Starting June 4, Policy.com will provide content in the Politics section of AOL's News channel, while IntellectualCapital.com will be included in AOL's NewsTalk, which is the online service's political forum. The two services also will be featured in the News channel's Newsstand on a rotating basis and, later this summer, the two content providers will be featured in a special AOL section devoted to the 1998 elections.
"Our Politics area will give members the chance to debate the issues, track legislation before Congress, and follow political campaigns around the country," AOL chairman Steve Case said in a statement.
AOL is clearly entering a hot area. During the last presidential election, the Net recorded its most crowded day to date, with people clogging the system trying to get up-to-date results.

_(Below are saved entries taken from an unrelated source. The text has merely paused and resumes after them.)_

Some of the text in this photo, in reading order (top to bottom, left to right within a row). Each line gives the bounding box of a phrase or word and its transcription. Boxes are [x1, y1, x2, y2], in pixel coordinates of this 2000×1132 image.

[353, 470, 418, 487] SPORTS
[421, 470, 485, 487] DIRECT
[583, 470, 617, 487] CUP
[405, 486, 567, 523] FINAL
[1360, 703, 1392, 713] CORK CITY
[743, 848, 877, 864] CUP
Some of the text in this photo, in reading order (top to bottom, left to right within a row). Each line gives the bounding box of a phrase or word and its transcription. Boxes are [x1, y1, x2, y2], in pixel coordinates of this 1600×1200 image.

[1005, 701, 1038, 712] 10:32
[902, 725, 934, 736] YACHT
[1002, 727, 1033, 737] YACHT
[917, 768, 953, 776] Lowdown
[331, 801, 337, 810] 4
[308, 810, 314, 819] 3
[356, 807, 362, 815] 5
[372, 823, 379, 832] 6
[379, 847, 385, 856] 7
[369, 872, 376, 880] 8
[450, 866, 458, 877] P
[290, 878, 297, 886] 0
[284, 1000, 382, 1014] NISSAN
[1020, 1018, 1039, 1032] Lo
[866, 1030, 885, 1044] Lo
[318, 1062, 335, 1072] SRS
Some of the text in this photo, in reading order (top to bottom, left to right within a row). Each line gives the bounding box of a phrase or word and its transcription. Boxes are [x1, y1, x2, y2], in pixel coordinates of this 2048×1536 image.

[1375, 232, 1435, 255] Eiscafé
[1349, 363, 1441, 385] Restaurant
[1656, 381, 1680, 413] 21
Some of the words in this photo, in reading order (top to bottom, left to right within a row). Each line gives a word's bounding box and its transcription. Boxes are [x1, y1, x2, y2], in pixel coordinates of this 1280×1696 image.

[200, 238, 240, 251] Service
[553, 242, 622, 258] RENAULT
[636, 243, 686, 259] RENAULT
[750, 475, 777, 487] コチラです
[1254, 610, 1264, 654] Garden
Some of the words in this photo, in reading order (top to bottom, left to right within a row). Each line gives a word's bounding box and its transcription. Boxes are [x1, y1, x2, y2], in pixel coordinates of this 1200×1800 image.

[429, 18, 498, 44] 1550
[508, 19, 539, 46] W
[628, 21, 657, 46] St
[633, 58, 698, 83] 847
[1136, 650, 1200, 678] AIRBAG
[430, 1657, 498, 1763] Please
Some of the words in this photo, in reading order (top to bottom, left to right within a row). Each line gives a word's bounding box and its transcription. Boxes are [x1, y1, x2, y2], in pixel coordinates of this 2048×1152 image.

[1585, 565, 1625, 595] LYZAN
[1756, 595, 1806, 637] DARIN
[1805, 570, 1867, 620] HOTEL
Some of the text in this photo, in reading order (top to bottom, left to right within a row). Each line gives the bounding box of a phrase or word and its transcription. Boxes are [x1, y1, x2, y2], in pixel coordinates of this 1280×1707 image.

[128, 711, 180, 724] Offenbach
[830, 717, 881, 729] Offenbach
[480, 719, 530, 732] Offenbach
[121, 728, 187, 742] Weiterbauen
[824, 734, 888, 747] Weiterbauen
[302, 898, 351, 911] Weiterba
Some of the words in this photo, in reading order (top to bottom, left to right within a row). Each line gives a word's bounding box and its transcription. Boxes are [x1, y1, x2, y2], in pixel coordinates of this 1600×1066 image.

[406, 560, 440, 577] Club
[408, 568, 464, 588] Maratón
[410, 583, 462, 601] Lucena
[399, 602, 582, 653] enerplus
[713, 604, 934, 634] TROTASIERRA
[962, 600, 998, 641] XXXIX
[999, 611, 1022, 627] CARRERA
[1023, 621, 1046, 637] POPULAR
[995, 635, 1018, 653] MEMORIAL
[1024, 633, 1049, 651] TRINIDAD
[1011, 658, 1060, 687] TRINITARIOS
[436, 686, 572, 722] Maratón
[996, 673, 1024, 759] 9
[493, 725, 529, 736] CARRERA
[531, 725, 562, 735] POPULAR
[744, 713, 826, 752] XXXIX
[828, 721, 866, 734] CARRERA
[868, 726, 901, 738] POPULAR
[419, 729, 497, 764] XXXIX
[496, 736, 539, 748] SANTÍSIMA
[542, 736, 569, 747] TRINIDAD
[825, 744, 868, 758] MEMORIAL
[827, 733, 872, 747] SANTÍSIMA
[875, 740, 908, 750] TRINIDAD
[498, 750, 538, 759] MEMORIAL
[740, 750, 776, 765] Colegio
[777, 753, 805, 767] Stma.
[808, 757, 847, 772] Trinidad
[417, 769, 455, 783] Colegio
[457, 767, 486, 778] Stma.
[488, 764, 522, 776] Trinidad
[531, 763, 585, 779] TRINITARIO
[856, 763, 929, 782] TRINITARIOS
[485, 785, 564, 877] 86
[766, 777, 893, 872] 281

In fact, the Net is increasingly becoming an important vehicle for politicians and citizens alike.
Some have called it a great equalizer, in that politicians with fewer financial resources don't have to pay big money for Web sites to reach constituents.
AOL and the two new content partners will be celebrating the launch by hosting an online discussion with Speaker of the House Newt Gingrich (R- Georgia), Rep. Charlie Stenholm (D-Texas), Henry Aaron of the Brookings Institution, and Carrie Brandon of Bristol Myers Squibb Company. The panel, which will be moderated by IntellectualCapital.com editor and former Delaware Governor Pete DuPont and a delegate from the National Retirement Savings Summit, will address Social Security and retirement savings.
"Our goal is to use our service and the medium to increase civic participation," said Case. "By teaming with two of the online leaders in public policy, we are tapping into a vast resource that will give our members instant access to information about public policy and political candidates, making it easier to become involved in the national discussion."